● What is being asked:
Set down every record below exactly as it stands, with the pictures omitted.

Referring expression grounding data
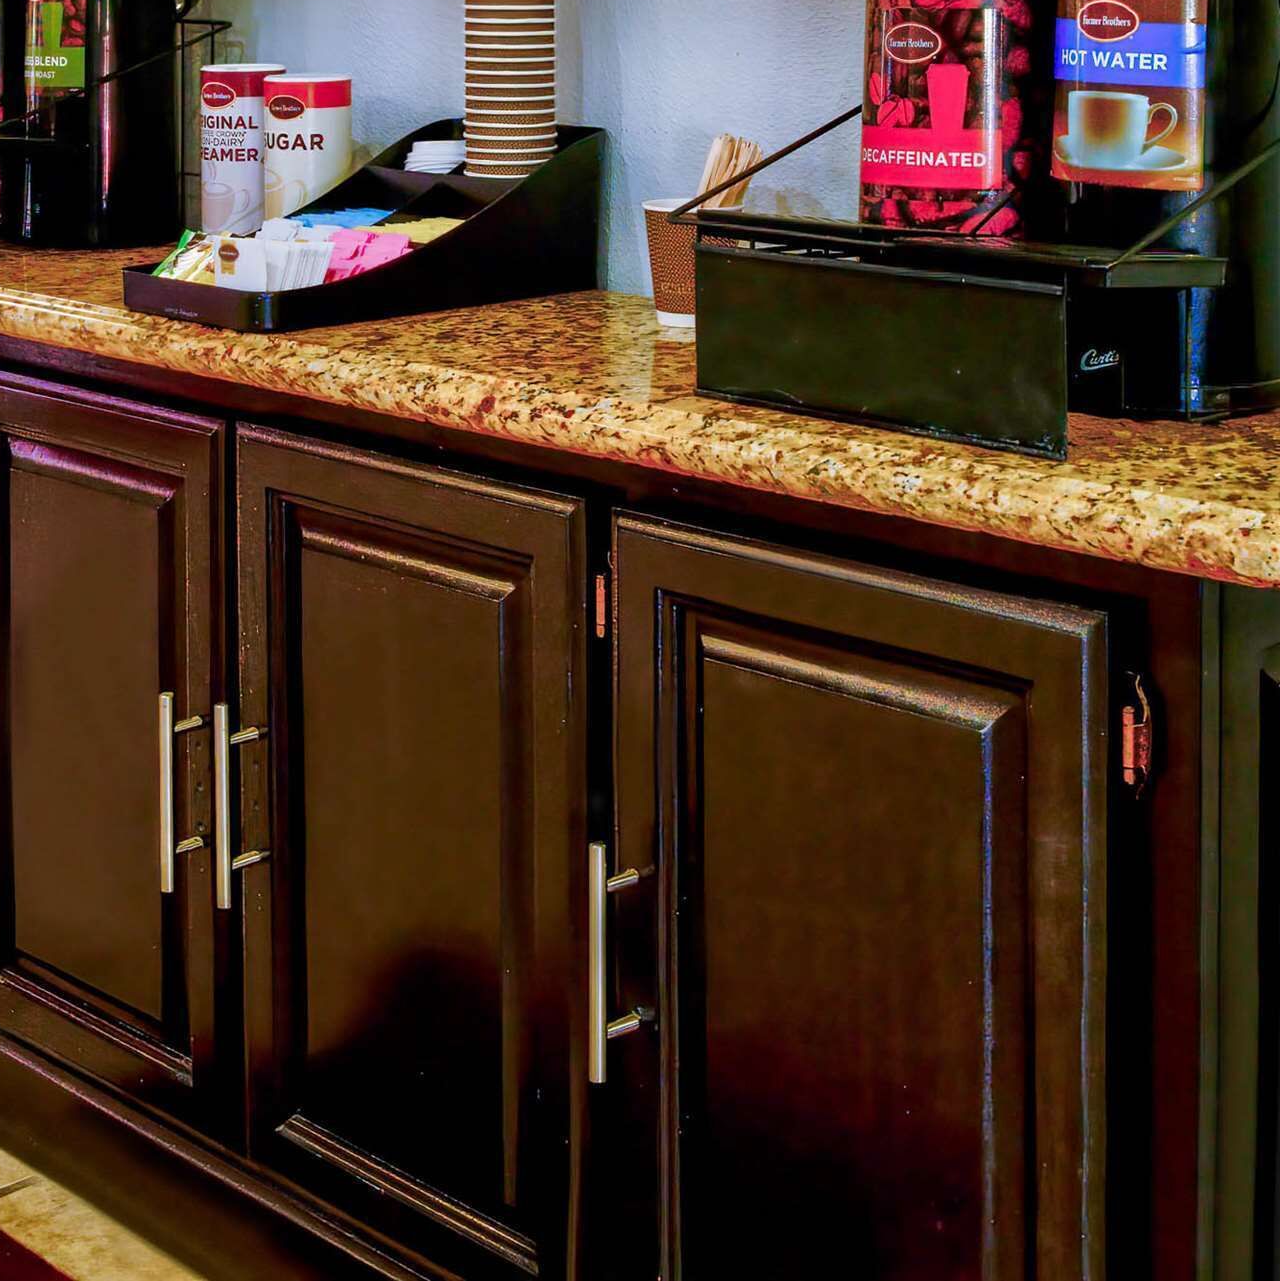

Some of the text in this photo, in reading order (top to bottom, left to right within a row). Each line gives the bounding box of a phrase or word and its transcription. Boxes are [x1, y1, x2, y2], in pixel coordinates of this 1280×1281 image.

[34, 56, 68, 67] BLEND
[1061, 48, 1168, 71] HOT WATER
[200, 147, 258, 162] EAMER
[863, 147, 987, 168] DECAFFEINATED
[1080, 349, 1120, 371] Curtis
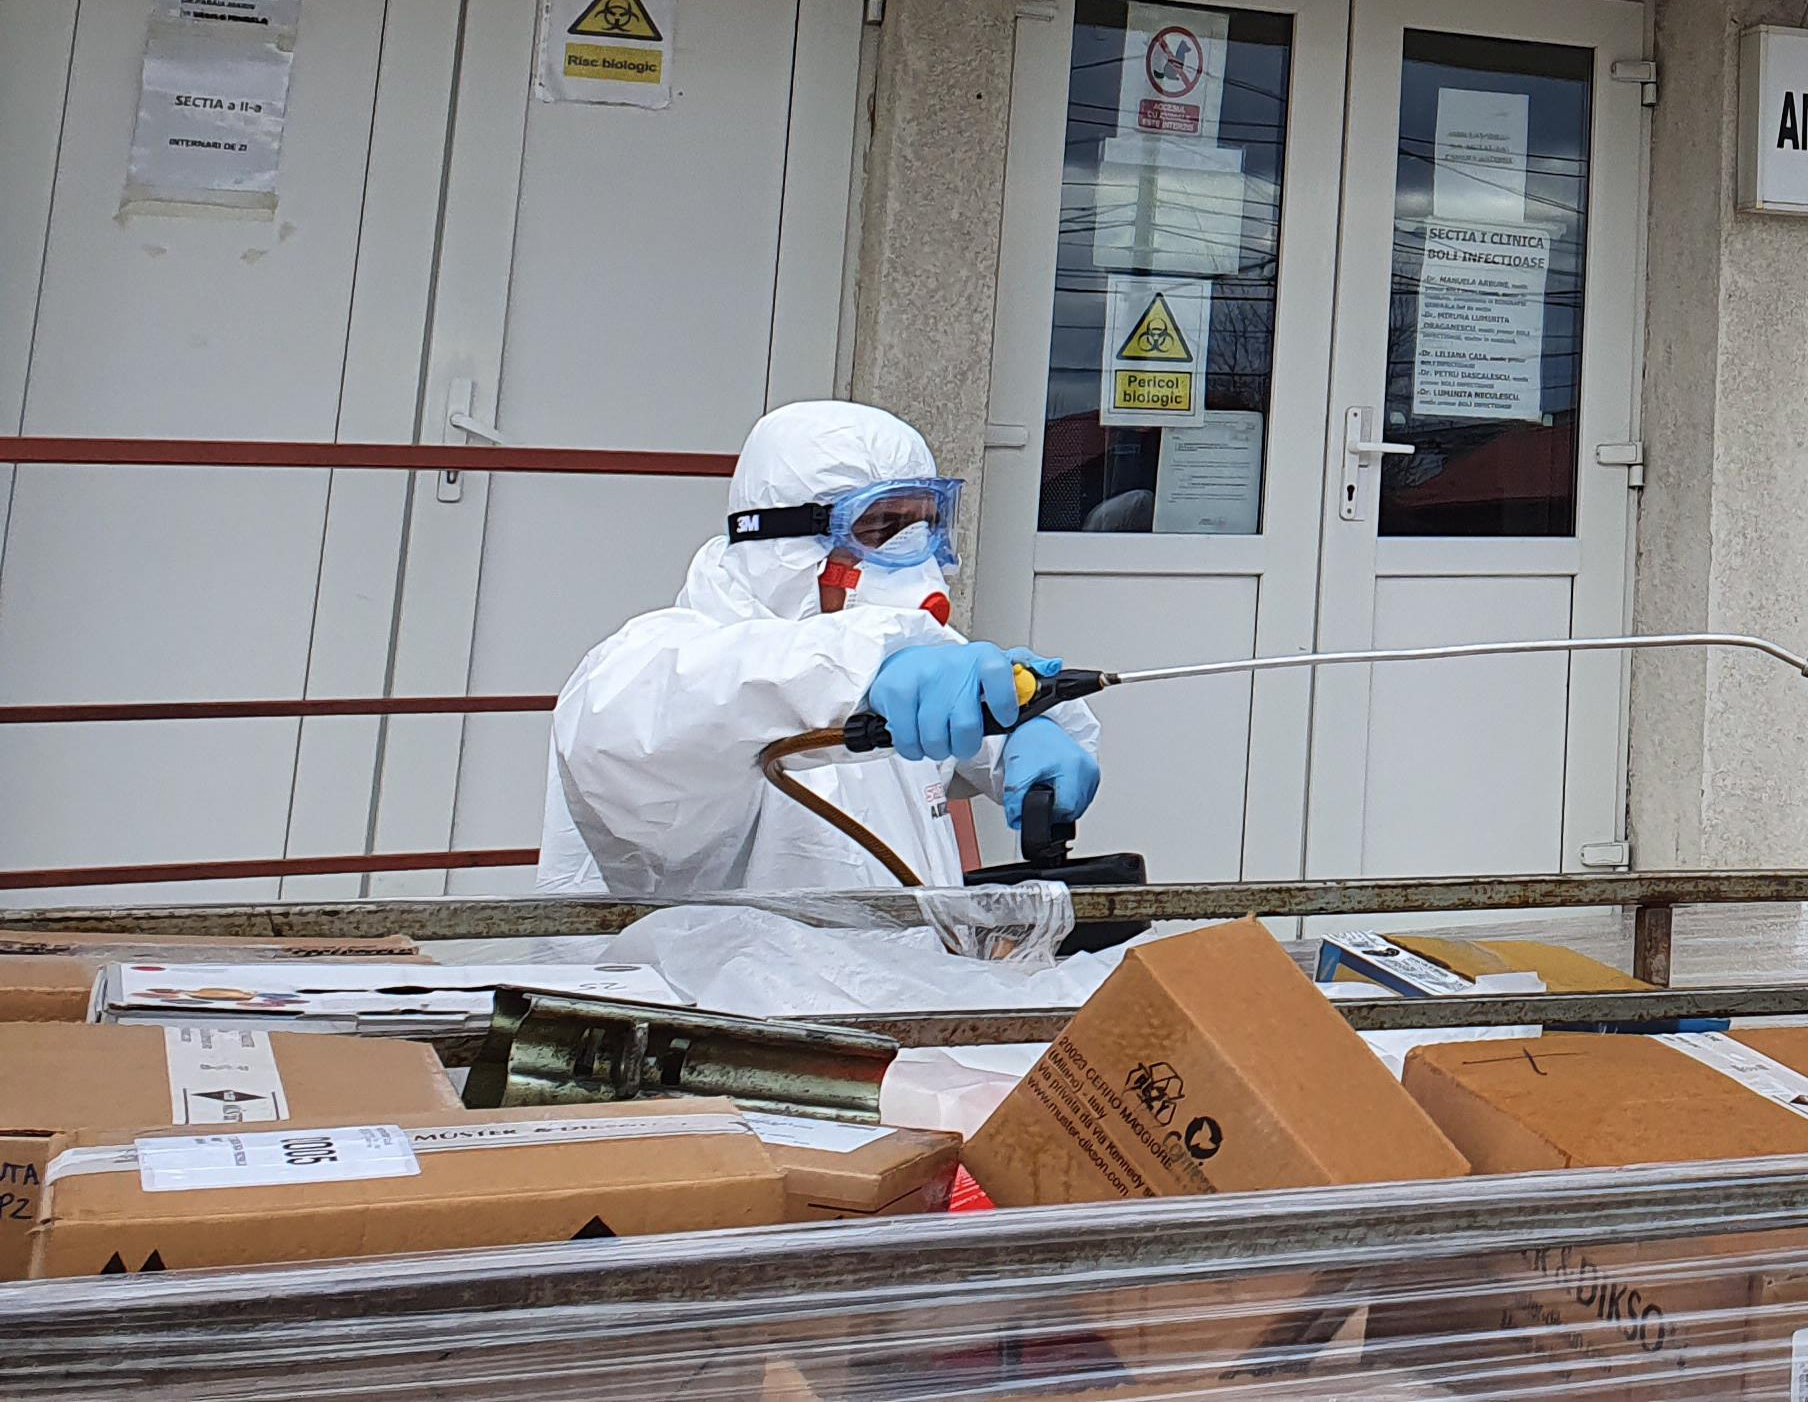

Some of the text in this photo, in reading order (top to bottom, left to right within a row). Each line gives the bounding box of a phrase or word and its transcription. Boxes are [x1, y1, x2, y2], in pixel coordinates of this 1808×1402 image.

[567, 54, 658, 74] Risc biologic
[174, 94, 224, 110] SECTIA
[1429, 227, 1545, 249] SECTIA I CLINICA
[1427, 248, 1546, 269] BOLI INFECTIOASE
[1127, 375, 1179, 389] Pericol
[1123, 390, 1183, 407] biologic
[736, 514, 760, 534] 3M
[1058, 1035, 1172, 1171] 20023 CERRO MAGGIORE
[1087, 1094, 1108, 1120] Italy
[1091, 1128, 1107, 1147] via
[1104, 1142, 1145, 1192] Kennedy

● Answer to this task:
Some of the text in this photo, in reading order (top to bottom, left to right within a row). Each line gives the bounding box of a phrase or word and its transcription. Boxes are [x1, y1, x2, y2], in pixel coordinates of this 1280×1281 image.

[34, 56, 68, 67] BLEND
[1061, 48, 1168, 71] HOT WATER
[200, 147, 258, 162] EAMER
[863, 147, 987, 168] DECAFFEINATED
[1080, 349, 1120, 371] Curtis

Some of the text in this photo, in reading order (top to bottom, left to right within a row). Each line gives the bounding box of a phrase or word and its transcription. Boxes are [x1, y1, x2, y2], in pixel coordinates of this 1808×1402 image.

[567, 54, 658, 74] Risc biologic
[174, 94, 224, 110] SECTIA
[1429, 227, 1545, 249] SECTIA I CLINICA
[1427, 248, 1546, 269] BOLI INFECTIOASE
[1127, 375, 1179, 389] Pericol
[1123, 390, 1183, 407] biologic
[736, 514, 760, 534] 3M
[1058, 1035, 1172, 1171] 20023 CERRO MAGGIORE
[1087, 1094, 1108, 1120] Italy
[1091, 1128, 1107, 1147] via
[1104, 1142, 1145, 1192] Kennedy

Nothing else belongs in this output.